Chez les familles nombreuses, un planning des taches familiales pour éviter que tout le monde se carapate au moment des corvées : pas de contestation ni d’embrouille possible, « c’est écrit là ! » triomphe la mère (chez nous, chacun doit signer, ils détestent et moi j’adore).
Très florissants au printemps, des rappels à l’ordre anti-grignotage dans le genre « fais de la gym, pas la cuisine », « Jude Law n’aime pas les grosses » ou bien « Souviens-toi de cet adage : string et rillettes ne font pas bon ménage »…
Des photos de la famille, des copains, de nous bronzées en bikini blanc aux commandes d’un hors bord à Saint-Barth’ l’année dernière (ça c’est pour les plus chanceuses, moi, j’ai mon portrait pris à Thoiry avec un éléphant tendant la trompe pour attraper ma cacahuète. J’assume !)

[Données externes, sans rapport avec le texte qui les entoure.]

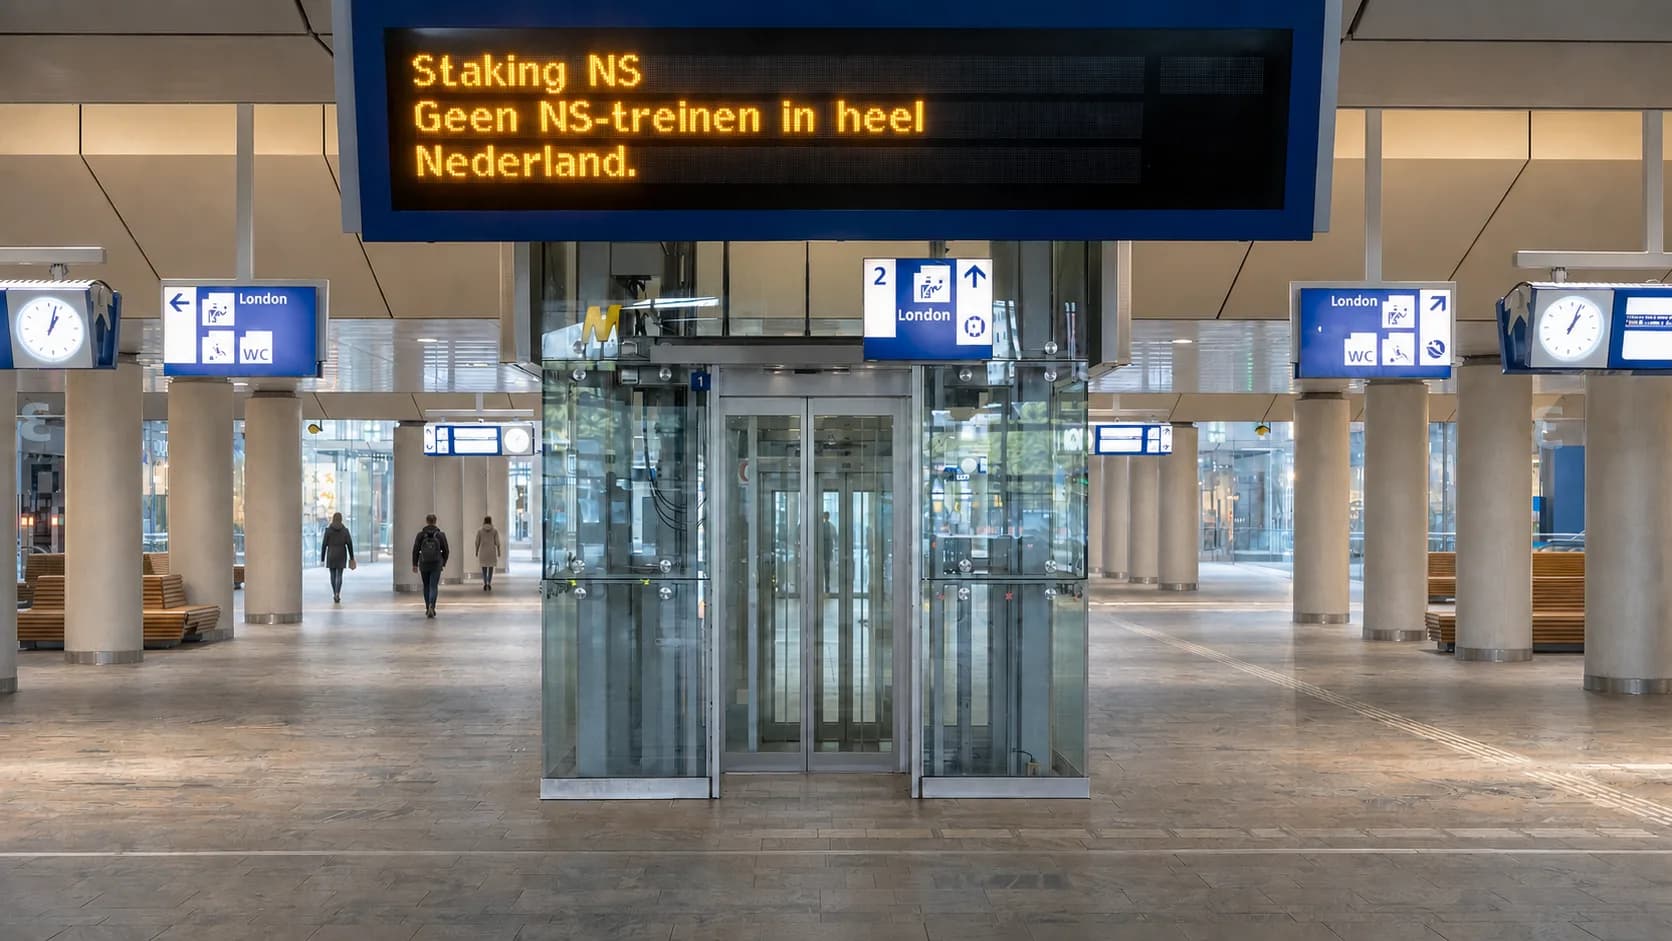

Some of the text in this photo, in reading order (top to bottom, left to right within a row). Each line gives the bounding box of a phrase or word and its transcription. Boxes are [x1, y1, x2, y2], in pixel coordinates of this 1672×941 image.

[413, 53, 641, 92] Staking NS
[413, 100, 925, 133] Geen NS-treinen in heel
[415, 144, 637, 177] Nederland.
[873, 266, 887, 286] 2
[239, 292, 288, 305] London
[1331, 294, 1378, 307] London
[898, 307, 951, 322] London
[243, 348, 268, 361] WC
[1347, 349, 1373, 362] WC

Le dernier dessin de « petit trésor », si créatif dans son expression artistique. Dieu merci la porte du frigo permet d’exposer le chef-d’œuvre sans toucher aux murs…
Alors ? Bon, la porte du frigo c’est aussi celle que les ados ouvrent dix fois par jour pour farfouiller et faire des mélanges du genre thon-Nutella®-Roquefort, porte qu’ils claquent d’ailleurs invariablement en maugréant un « c’est relou, y’a jamais rien dans ce frigo, elle est nulle cette baraque j’te jure… »
Mais le frigo n’est pas seulement là pour stigmatiser nos imperfections parentales, il est aussi notre allié beauté infaillible : qui mieux que lui pourrait garder au frais notre crème de nuit magique à la perle de caviar qui coute juste 1 500 euros le kg… Horreur, Loulou a cru que c’était de l’houmous : 150 euros la tartine, plus le persil !!!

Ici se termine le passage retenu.